Background: Right cervical vagus nerve stimulation (VNS) provides cardioprotective effects against acute ischemia-reperfusion injury in small animals. However, inconsistent findings have been reported., Objective: To determine whether low-amplitude, left cervical VNS applied either intermittently or continuously imparts cardioprotection against acute ischemia-reperfusion injury., Methods: Thirty-two isoflurane-anesthetized swine (25-30 kg) were randomized into 4 groups: control (sham operated, no VNS), continuous-VNS (C-VNS; 3.5 mA, 20 Hz), intermittent-VNS (I-VNS; continuously recurring cycles of 21-second ON, 30-second OFF), and I-VNS + atropine (1 mg/kg).
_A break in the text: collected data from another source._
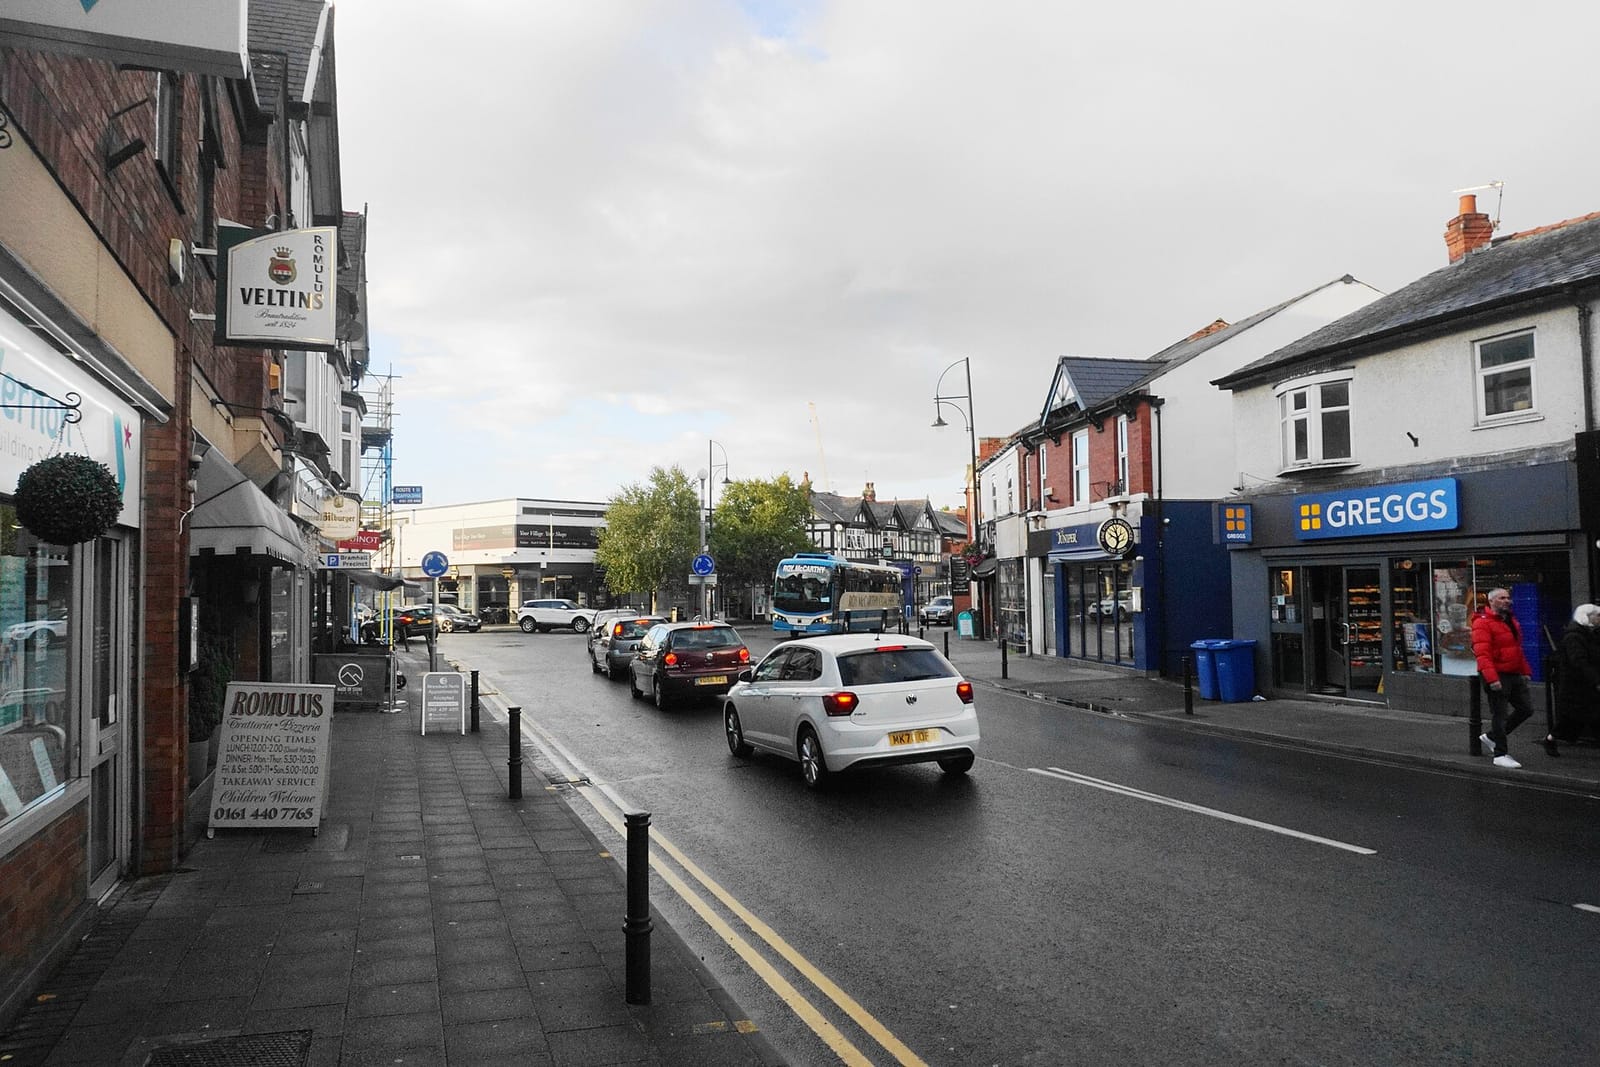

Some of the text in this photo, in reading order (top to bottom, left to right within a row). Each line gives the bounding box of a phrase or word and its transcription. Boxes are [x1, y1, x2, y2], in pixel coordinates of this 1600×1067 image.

[240, 287, 324, 310] VELTINS
[0, 350, 71, 447] ernon
[1326, 489, 1448, 528] GREGGS
[230, 691, 323, 718] ROMULUS
[227, 717, 321, 733] Trattoria Pizzeria
[231, 735, 316, 744] OPENING TIMES
[222, 777, 316, 786] TAKEAWAY SERVICE
[220, 789, 316, 805] Children Welcome
[214, 807, 314, 820] 0161 440 7765
Left cervical VNS was applied immediately after left anterior descending artery occlusion (60 minutes) and continued until the end of reperfusion (120 minutes). The ischemic and nonischemic myocardium was harvested for cardiac mitochondrial function assessment., Results: VNS significantly reduced infarct size, improved ventricular function, decreased ventricular fibrillation episodes, and attenuated cardiac mitochondrial reactive oxygen species production, depolarization, and swelling, compared with the control group. However, I-VNS produced the most profound cardioprotective effects, particularly infarct size reduction and decreased ventricular fibrillation episodes, compared to both I-VNS + atropine and C-VNS. These beneficial effects of VNS were abolished by atropine., Conclusions: During ischemia-reperfusion injury, both C-VNS and I-VNS provide significant cardioprotective effects compared with I-VNS + atropine. These beneficial effects were abolished by muscarinic blockade, suggesting the importance of muscarinic receptor modulation during VNS. The protective effects of VNS could be due to its protection of mitochondrial function during ischemia-reperfusion., (© 2013 Heart Rhythm Society. All rights reserved.)

Published

2013